These vaccines either required repeated administration or induced insufficient immune responses for long-lasting protection against lethal challenges with virulence Salmonella strains [7]. Many Salmonella vaccine strains carry deletion mutations affecting metabolic functions or virulence factors [8]. Several mutant strains of Salmonella have been investigated in the pursuit to develop optimal immune responses [9–11]. Our approach in constructing a live-attenuated Salmonella vaccine strain is to create a mutant defective in tRNA modification [12]. This strategy enables
our vaccine strain to express multiple virulence factors at a significantly reduced level in order to obtain a safe and immunogenic vaccine candidate. Glucose-inhibited division (GidA) protein (also known as MnmG) was first described in Escherichia coli, where deletion of gidA resulted in a filamentous morphology when #selleck compound randurls[1|1|,|CHEM1|]# grown in a rich medium supplemented with glucose [13]. Further studies showed GidA is a flavin dinucleotide (FAD) binding enzyme
involved in the fruiting body development of Myxococcus xanthus[14]. Furthermore, GidA has been shown to be a tRNA modification methylase in E. coli that forms a heterodimeric complex with MnmE (also known as TrmE) to catalyze the addition of a carboxymethylaminomethyl (cmnm) group at the 5 position of the wobble uridine (U34) HMPL-504 nmr of tRNAs [15–19]. Most importantly, deletion of gidA has been shown to attenuate the pathogenesis of some bacteria including Pseudomonas syringae, Aeromonas hydrophila, Streptococcus pyogenes, and Pseudomonas aeruginosa[20–23]. Our previous studies suggest a role for GidA in the regulation of Salmonella virulence and cell division [12, 24].
In our initial study, the gidA mutant was attenuated in vitro and showed a significant decrease in ability to invade T84 intestinal epithelial cells as well Ribociclib molecular weight as a significant decrease in ability to replicate and produce cytotoxic affects on macrophages.
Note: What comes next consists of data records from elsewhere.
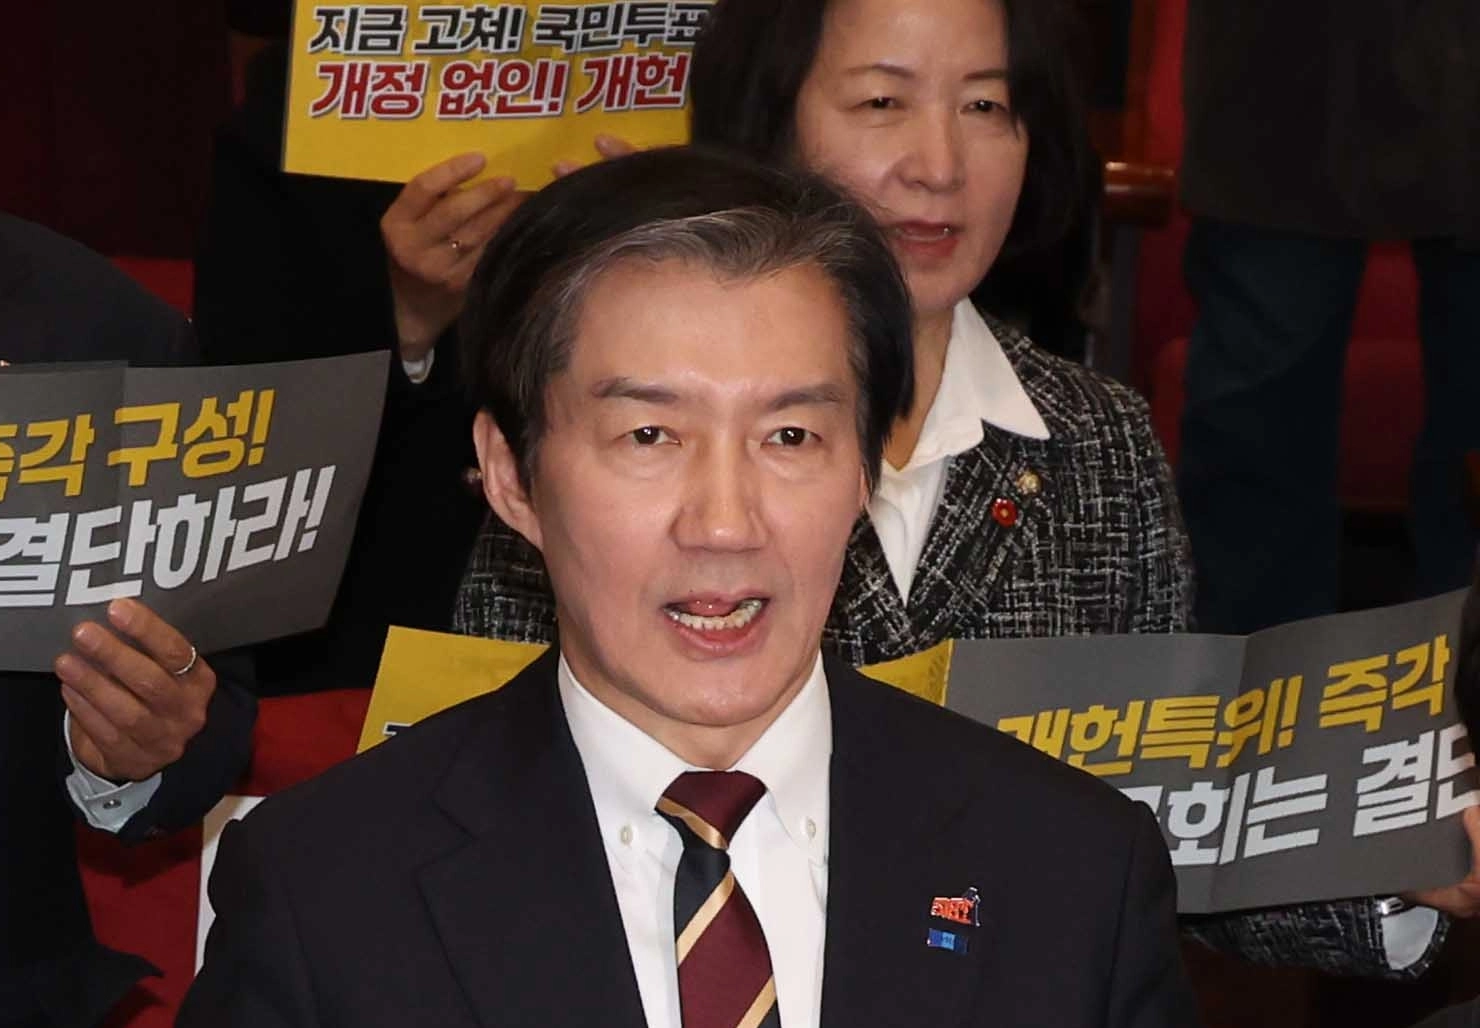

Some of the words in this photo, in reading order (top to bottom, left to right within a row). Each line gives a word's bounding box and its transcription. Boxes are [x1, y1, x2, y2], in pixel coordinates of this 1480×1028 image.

[308, 4, 408, 55] 지금
[414, 3, 528, 54] 고쳐!
[309, 60, 426, 119] 개정
[437, 57, 569, 119] 없인!
[576, 52, 692, 114] 개헌
[107, 390, 275, 486] 구성!
[1320, 634, 1450, 733] 즉각
[1118, 766, 1328, 866] 회는
Furthermore, global transcriptional and proteomic profiling indicated a significant down-regulation in numerous genes and proteins involved in Salmonella pathogenesis [12]. Most importantly, the gidA mutant was attenuated in mice as shown by a significant increase in 50% lethal dose (LD50), reduced systemic bacterial survival, defective in the induction of inflammatory cytokines and chemokines, and reduced severity of histopathological lesions in the liver and spleen. Additionally, mice immunized with the gidA mutant were protected from a lethal dose challenge of wild-type (WT) STM [12]. In this study, we examined the relative contribution of the humoral and cellular immune responses in the overall protective mechanism afforded by immunization with the gidA mutant STM strain to further evaluate it as a candidate for use in a live-attenuated vaccine.